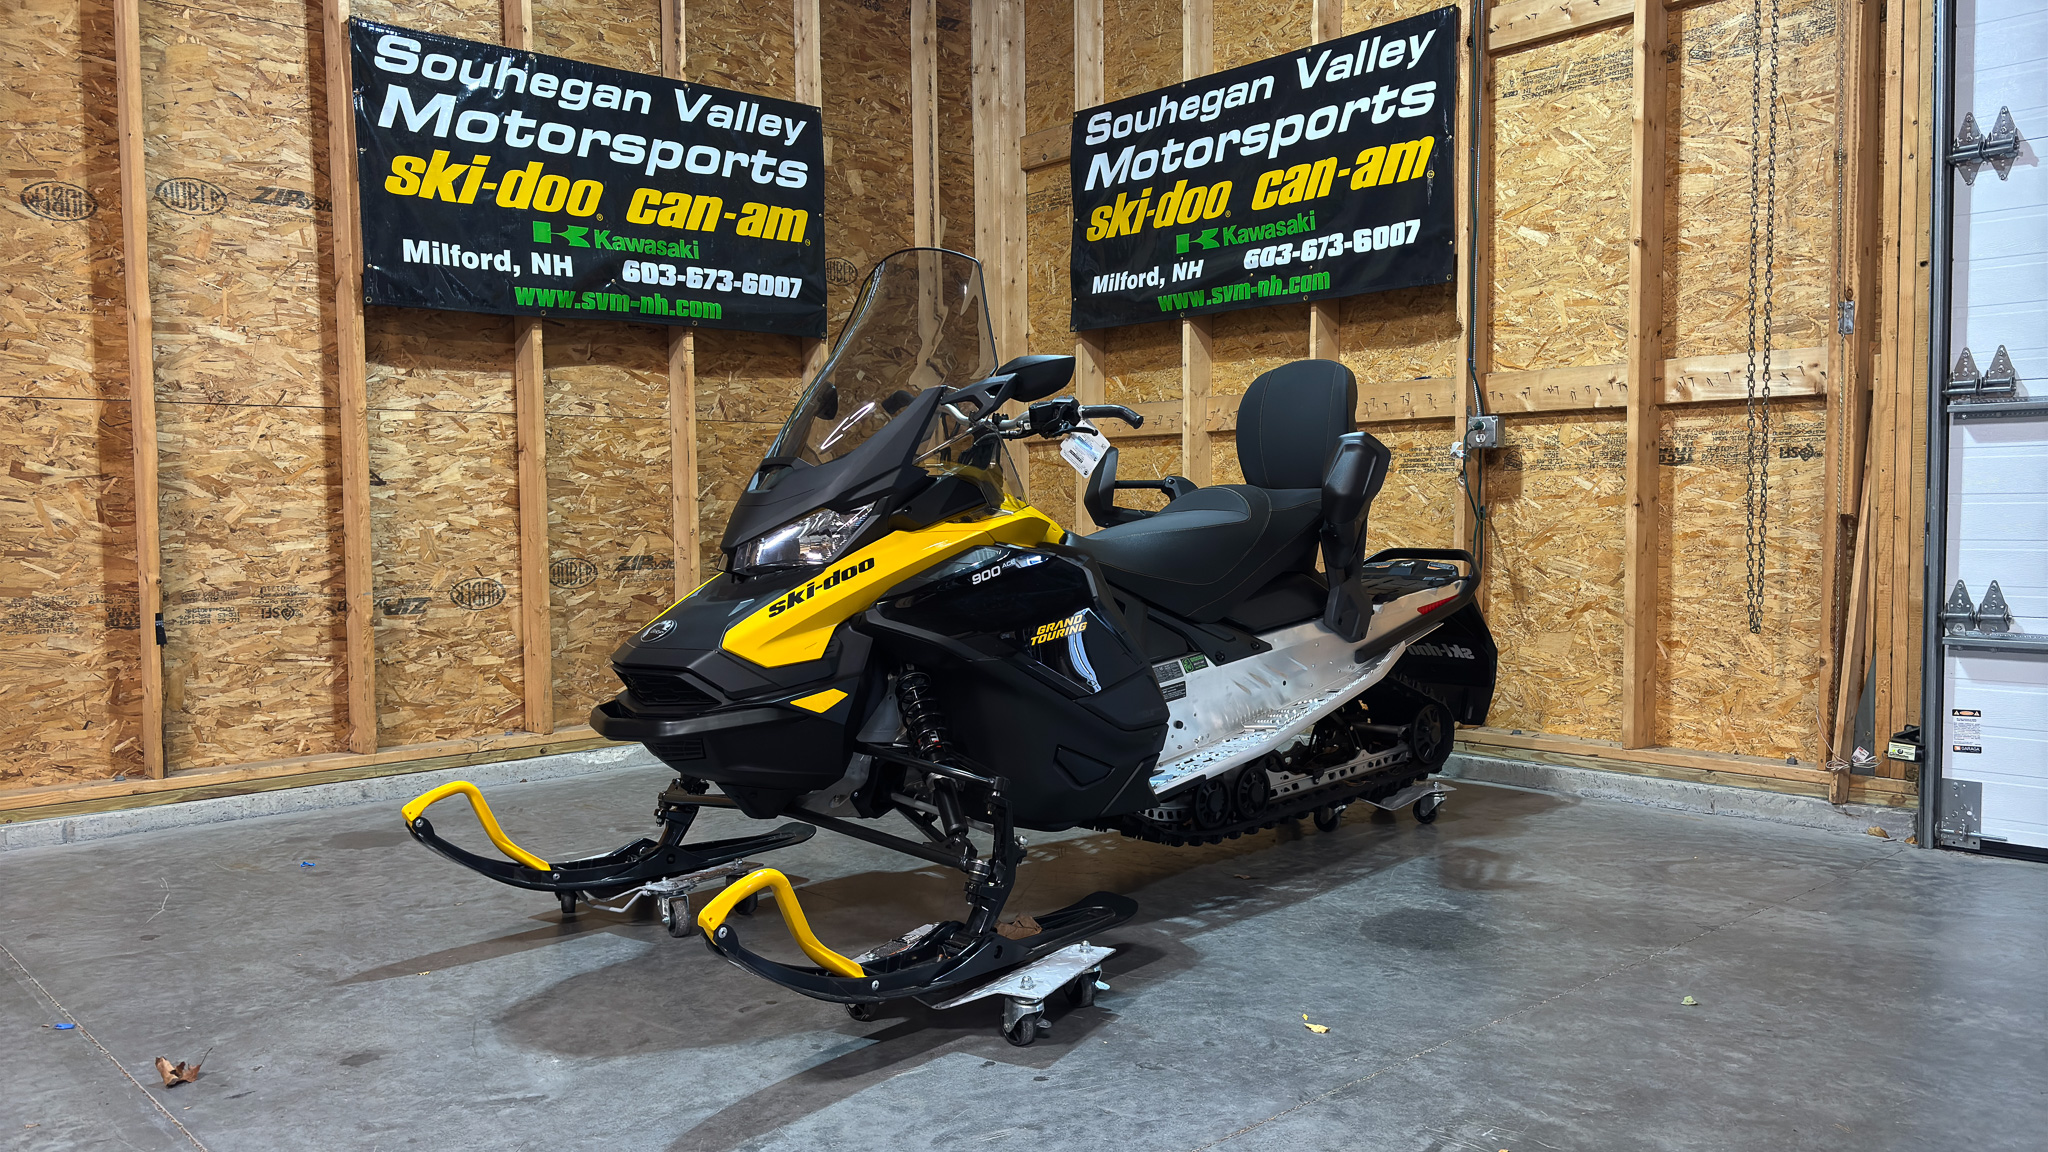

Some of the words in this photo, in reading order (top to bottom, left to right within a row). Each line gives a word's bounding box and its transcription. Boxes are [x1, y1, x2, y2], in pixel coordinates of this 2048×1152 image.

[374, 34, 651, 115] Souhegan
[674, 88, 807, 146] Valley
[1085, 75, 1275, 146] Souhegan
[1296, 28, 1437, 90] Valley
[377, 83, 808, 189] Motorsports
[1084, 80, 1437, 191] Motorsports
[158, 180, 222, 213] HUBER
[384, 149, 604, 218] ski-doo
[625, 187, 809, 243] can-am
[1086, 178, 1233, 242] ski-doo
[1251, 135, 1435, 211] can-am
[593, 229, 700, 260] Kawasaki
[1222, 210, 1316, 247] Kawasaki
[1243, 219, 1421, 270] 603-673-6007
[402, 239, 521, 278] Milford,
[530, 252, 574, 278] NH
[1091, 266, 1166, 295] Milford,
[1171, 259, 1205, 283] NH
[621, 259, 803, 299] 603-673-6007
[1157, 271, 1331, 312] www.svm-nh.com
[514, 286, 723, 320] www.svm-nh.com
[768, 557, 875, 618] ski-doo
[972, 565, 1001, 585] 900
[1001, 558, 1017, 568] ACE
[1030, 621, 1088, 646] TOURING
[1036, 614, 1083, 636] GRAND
= = = = =
### [INSTRUCTIONS TO FOLLOW]
Please give all of the material again, exactly, without the images.

### [EXERCISE RESULT]
Some of the words in this photo, in reading order (top to bottom, left to right within a row). Each line gives a word's bounding box and its transcription. Boxes are [x1, y1, x2, y2], in pixel coordinates of this 2048×1152 image.

[374, 34, 651, 115] Souhegan
[674, 88, 807, 146] Valley
[1085, 75, 1275, 146] Souhegan
[1296, 28, 1437, 90] Valley
[377, 83, 808, 189] Motorsports
[1084, 80, 1437, 191] Motorsports
[158, 180, 222, 213] HUBER
[384, 149, 604, 218] ski-doo
[625, 187, 809, 243] can-am
[1086, 178, 1233, 242] ski-doo
[1251, 135, 1435, 211] can-am
[593, 229, 700, 260] Kawasaki
[1222, 210, 1316, 247] Kawasaki
[1243, 219, 1421, 270] 603-673-6007
[402, 239, 521, 278] Milford,
[530, 252, 574, 278] NH
[1091, 266, 1166, 295] Milford,
[1171, 259, 1205, 283] NH
[621, 259, 803, 299] 603-673-6007
[1157, 271, 1331, 312] www.svm-nh.com
[514, 286, 723, 320] www.svm-nh.com
[768, 557, 875, 618] ski-doo
[972, 565, 1001, 585] 900
[1001, 558, 1017, 568] ACE
[1030, 621, 1088, 646] TOURING
[1036, 614, 1083, 636] GRAND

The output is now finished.